_DATASET EXCERPTS_
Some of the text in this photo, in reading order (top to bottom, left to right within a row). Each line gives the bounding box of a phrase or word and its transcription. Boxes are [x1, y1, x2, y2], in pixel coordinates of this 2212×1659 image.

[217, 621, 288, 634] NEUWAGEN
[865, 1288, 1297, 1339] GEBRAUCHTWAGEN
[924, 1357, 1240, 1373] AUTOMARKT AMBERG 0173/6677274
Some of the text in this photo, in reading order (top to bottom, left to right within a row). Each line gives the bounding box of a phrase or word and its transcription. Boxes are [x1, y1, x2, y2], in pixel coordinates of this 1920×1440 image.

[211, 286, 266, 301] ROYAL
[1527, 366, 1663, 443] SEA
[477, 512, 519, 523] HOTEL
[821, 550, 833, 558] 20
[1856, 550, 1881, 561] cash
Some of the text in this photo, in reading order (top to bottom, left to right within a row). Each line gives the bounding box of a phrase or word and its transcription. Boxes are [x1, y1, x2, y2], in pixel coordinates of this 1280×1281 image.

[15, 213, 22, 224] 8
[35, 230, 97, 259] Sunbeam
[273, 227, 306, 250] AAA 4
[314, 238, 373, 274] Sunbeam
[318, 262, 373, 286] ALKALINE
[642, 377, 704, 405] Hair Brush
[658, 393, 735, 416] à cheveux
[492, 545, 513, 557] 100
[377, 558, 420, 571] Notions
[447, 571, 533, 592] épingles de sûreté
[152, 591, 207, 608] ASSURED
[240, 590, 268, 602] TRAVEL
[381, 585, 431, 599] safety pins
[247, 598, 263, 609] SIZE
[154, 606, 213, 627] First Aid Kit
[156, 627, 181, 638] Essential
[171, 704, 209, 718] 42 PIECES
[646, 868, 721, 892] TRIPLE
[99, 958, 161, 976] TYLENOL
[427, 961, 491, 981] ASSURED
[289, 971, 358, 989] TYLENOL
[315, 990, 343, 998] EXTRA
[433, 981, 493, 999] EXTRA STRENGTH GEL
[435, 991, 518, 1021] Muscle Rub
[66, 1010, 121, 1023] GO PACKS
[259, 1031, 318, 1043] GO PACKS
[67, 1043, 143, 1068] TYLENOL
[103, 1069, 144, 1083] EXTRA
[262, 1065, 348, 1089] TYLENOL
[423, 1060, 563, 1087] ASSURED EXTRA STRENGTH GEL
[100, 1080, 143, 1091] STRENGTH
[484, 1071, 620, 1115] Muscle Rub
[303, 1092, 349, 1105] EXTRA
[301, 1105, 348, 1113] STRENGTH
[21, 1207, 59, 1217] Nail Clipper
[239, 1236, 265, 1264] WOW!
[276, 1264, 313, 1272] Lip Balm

_WORK REQUEST_
All lines from the one with "this 1920×1440 image." through the final line of the listing above are to be restated word for word; the lines before it are left out.

_WRITTEN RESPONSE_
Some of the text in this photo, in reading order (top to bottom, left to right within a row). Each line gives the bounding box of a phrase or word and its transcription. Boxes are [x1, y1, x2, y2], in pixel coordinates of this 1920×1440 image.

[211, 286, 266, 301] ROYAL
[1527, 366, 1663, 443] SEA
[477, 512, 519, 523] HOTEL
[821, 550, 833, 558] 20
[1856, 550, 1881, 561] cash
Some of the text in this photo, in reading order (top to bottom, left to right within a row). Each line gives the bounding box of a phrase or word and its transcription. Boxes are [x1, y1, x2, y2], in pixel coordinates of this 1280×1281 image.

[15, 213, 22, 224] 8
[35, 230, 97, 259] Sunbeam
[273, 227, 306, 250] AAA 4
[314, 238, 373, 274] Sunbeam
[318, 262, 373, 286] ALKALINE
[642, 377, 704, 405] Hair Brush
[658, 393, 735, 416] à cheveux
[492, 545, 513, 557] 100
[377, 558, 420, 571] Notions
[447, 571, 533, 592] épingles de sûreté
[152, 591, 207, 608] ASSURED
[240, 590, 268, 602] TRAVEL
[381, 585, 431, 599] safety pins
[247, 598, 263, 609] SIZE
[154, 606, 213, 627] First Aid Kit
[156, 627, 181, 638] Essential
[171, 704, 209, 718] 42 PIECES
[646, 868, 721, 892] TRIPLE
[99, 958, 161, 976] TYLENOL
[427, 961, 491, 981] ASSURED
[289, 971, 358, 989] TYLENOL
[315, 990, 343, 998] EXTRA
[433, 981, 493, 999] EXTRA STRENGTH GEL
[435, 991, 518, 1021] Muscle Rub
[66, 1010, 121, 1023] GO PACKS
[259, 1031, 318, 1043] GO PACKS
[67, 1043, 143, 1068] TYLENOL
[103, 1069, 144, 1083] EXTRA
[262, 1065, 348, 1089] TYLENOL
[423, 1060, 563, 1087] ASSURED EXTRA STRENGTH GEL
[100, 1080, 143, 1091] STRENGTH
[484, 1071, 620, 1115] Muscle Rub
[303, 1092, 349, 1105] EXTRA
[301, 1105, 348, 1113] STRENGTH
[21, 1207, 59, 1217] Nail Clipper
[239, 1236, 265, 1264] WOW!
[276, 1264, 313, 1272] Lip Balm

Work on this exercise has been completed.